From scientific research to widespread deployment, there are three key challenges that need to be addressed for quantum computing to be successful:

  • Error correction: Due to the no-cloning theorem, classical approaches to error correction codes do not render quantum error rectification. Specific methods to protect information present a major challenge that will need to be tackled.
  • Decoherence: Qubits typically lack stability and consistency, making it difficult for them to hold their quantum states. As a result, it is much more difficult to enhance operational fidelity, increase performance, error correct and scale the number of qubits needed for quantum computers.
  • Noise: When intertwined qubits are exposed to noise, the data can be corrupted when it interacts with the environment. This can alter the state of the qubit, potentially corrupting an important calculation.

Semiconductor companies are heavily investing in the race to a quantum future because quantum computers have the potential to significantly lower simulation time from weeks to hours, giving electronic design automation suppliers new ways to revolutionize hardware platforms and computational software applications.

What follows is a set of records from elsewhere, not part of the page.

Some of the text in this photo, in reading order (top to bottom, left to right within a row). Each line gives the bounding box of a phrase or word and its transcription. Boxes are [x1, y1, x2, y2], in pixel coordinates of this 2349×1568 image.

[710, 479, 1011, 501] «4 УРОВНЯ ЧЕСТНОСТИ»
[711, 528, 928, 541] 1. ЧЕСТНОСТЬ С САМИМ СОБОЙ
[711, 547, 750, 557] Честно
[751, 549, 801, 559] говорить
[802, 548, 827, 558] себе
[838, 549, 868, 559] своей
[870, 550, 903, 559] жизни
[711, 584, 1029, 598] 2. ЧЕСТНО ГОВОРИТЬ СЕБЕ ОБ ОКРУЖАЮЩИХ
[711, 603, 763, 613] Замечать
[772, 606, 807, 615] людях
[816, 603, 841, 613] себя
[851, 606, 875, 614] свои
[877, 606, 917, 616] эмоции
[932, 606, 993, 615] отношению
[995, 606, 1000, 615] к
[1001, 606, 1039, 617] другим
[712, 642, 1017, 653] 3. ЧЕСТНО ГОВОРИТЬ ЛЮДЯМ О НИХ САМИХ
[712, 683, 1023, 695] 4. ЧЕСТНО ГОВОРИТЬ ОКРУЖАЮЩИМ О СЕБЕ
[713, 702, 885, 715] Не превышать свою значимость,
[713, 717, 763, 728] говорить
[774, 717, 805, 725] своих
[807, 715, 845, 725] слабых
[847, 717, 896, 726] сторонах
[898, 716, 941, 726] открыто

Photonics: The Trendsetter

An emerging trend we expect to see in the upcoming quantum computing era is the use of photonics. In the 1990s, optical fiber links began replacing copper links, so more wavelengths or colors of light could be fed into the fiber for additional data to pass through. Companies and researchers also discovered that typical electronic components like transistors and capacitors can be mimicked and developed into devices, which in return, manipulate the properties of light. As a result, trends such as fusing photons and electrons, and leveraging their unique relationship for new applications, began to emerge.

While harnessing the high speeds that quantum computing can deliver, there is also a heavy emphasis on low power. This has led to the acceleration of research and discoveries in the field of photonics and photonic integrated-circuit technologies. While this field is accelerating, we expect the technological benefits can address the current challenges of quantum computers.

The Race Has Begun

Although we are still in the early stages of commercializing and benchmarking quantum computing, the quantum race has begun, and semiconductor companies have jumped on board. With the investment of tens of billions of dollars from venture capitalists, academia and governments, it is highly likely that quantum computing will reach the current speeds of artificial intelligence innovation in the next 10 to 15 years.

The future of photonics is promising. With the combination of semiconductor-based quantum computing using CMOS technologies and quantum photonics, we’ll be able to distribute immense computational power and solve complex problems with ease.